Palantir Technologies PLTR

In 2003

3.0 billion dollars

5.8 billion dollars

Gingko Bioworks DNA


0.8 billion dollars

4.8 billion dollars



2.5 billion dollars

4.6 billion dollars

NVTA Invite


2.0 billion dollars

4.4 billion dollars

Nutanix NTNX


1.1 billion dollars

4.3 billion dollars

RobinHood Markets HOOD


6.2 billion dollars

4.2 billion dollars

Bloom Energy BE


0.83 billion dollars

3.3 billion dollars

Wayfire w


1.7 billion dollars

3.0 billion dollars


93.8 billion dollars

135.1 billion dollars

Of the 15 companies in the table, 11 have raised more money than any bankruptcy startup has ever raised. The two biggest losers so far are Uber and WeWork. So far, Uber has a combined loss of $31.7 billion and WeWork $20.7 billion, with no end in sight. Uber’s stock price is down 35% from its 52-week high. WeWork is down 71% and is now officially a penny stock.

Losses must be financed and it is very difficult for these companies to do so. Many of these so-called unicorn startups have seen their stock prices fall by more than 50% in the past year, and many of these stocks have fallen by more than 90%. WeWork isn’t the only unicorn turning into a coin stock.

These declines in stock prices make it difficult and expensive to issue additional stock to raise funds to cover ongoing losses. Meanwhile, rising interest rates increase the cost of servicing existing debt and make it harder and more expensive to issue more debt.

Many unicorns will soon go bankrupt or be bought at fire sale prices. The failure of Uber or WeWork is 10 times larger than past lost venture-capital funding. A wave of unicorn failures will send tremors through financial markets, but the federal government is unlikely to use the “too-big-to-fail” excuse to intervene.

Although the startups in the table are American companies, unicorn startups in other countries have similar problems: European Startups (Delivery Hero XE:DHER),
Deliveroo UK:ROO,
and Sage UK: Sage
); The Chinese (DD DDI,
Kuaishou HK: 1024,
Billy Billy and Pinduo Duo PDD
); Indians (Ola, Paytm and Zomato IN:543320
) and Singaporeans (Grab and SEA) also have multi-billion dollar cumulative losses.

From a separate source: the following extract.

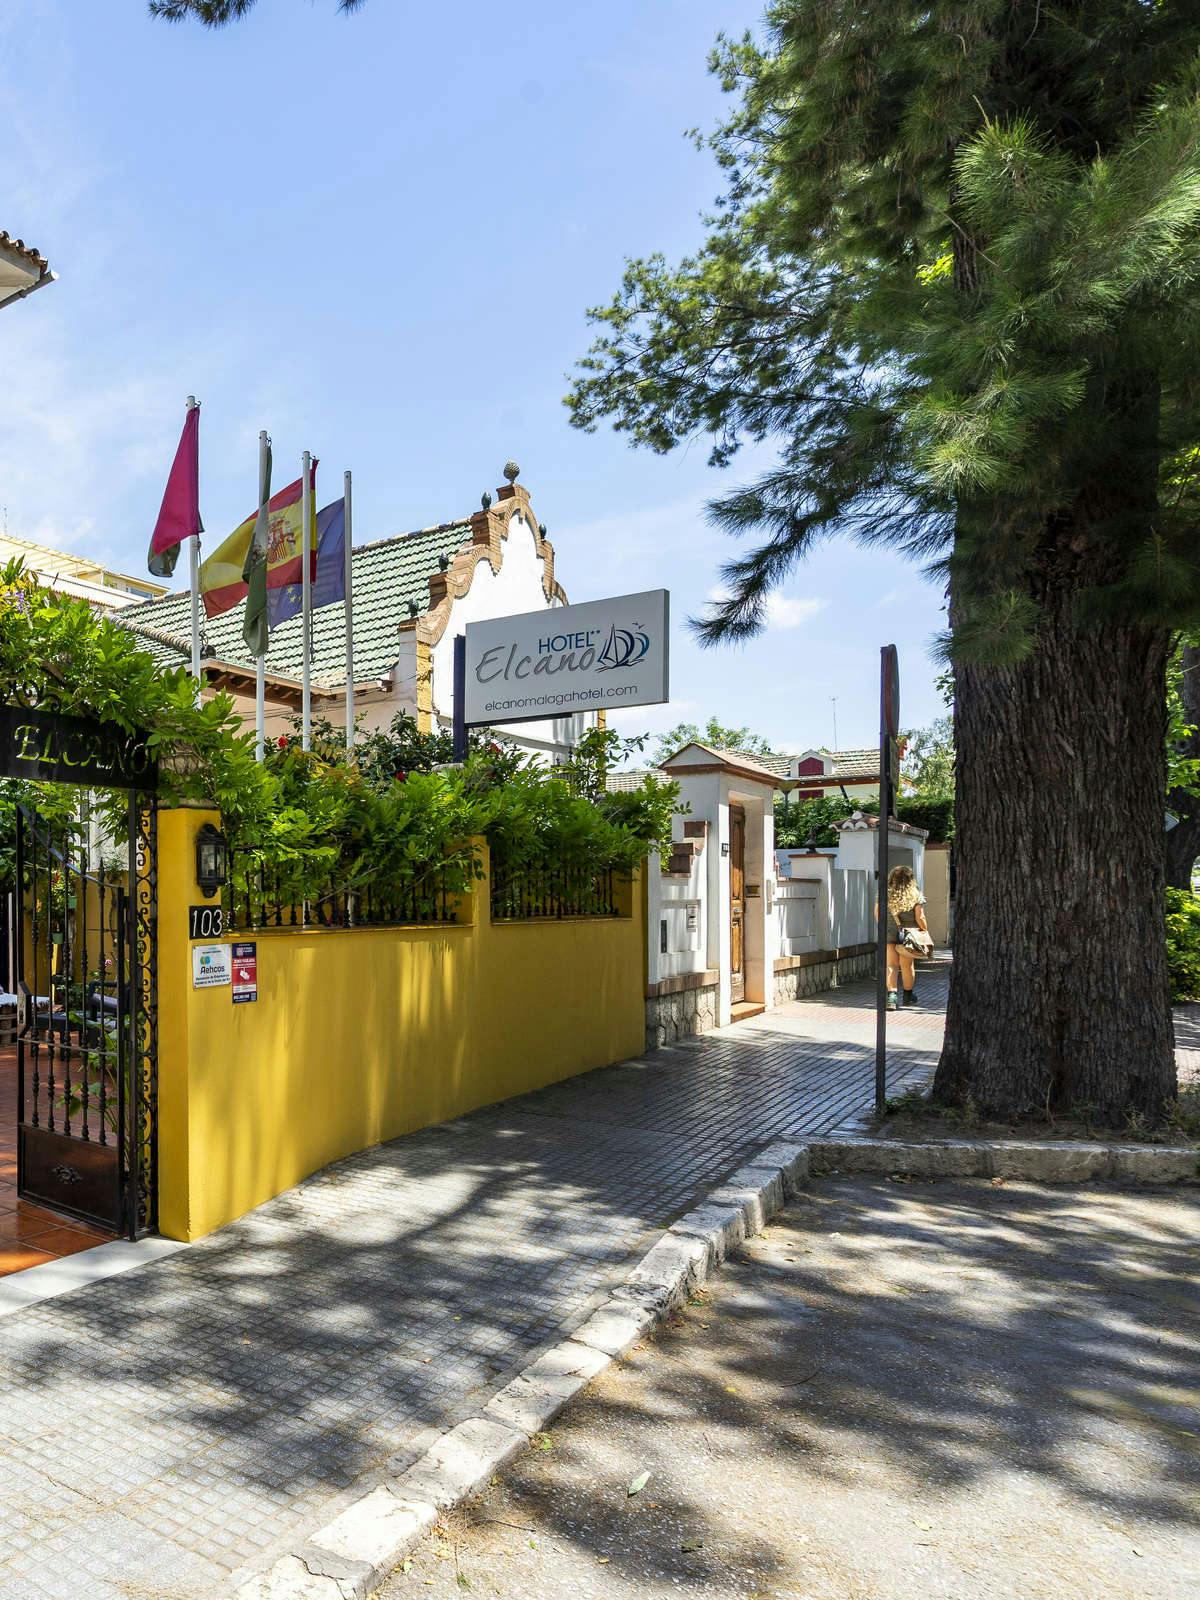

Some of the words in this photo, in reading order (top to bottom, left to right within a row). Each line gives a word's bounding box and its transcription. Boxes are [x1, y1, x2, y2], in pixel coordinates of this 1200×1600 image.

New records among unicorn companies will soon be set around the world – but they won’t be as good as records for filling candles, spinning basketballs and scratching.

Jeffrey Lee Funk is an independent technology consultant and former university professor who focuses on the economics of new technologies. Gary Smith is the Fletcher Jones Professor of Economics at Pomona College. He is the author of “Money Machine: The Surprising Power of Value Investing” (AMACOM 2017), author of “AI Delusion” (Oxford, 2018) and co-author (with Jay Cordes) of The 9 Traps. Data Science” (Oxford 2019).

More: A squeeze on corporate profits is now the biggest threat to the stock market.

in addition Savvy investors invest their money in a company’s true profits — not Wall Street’s false prophets.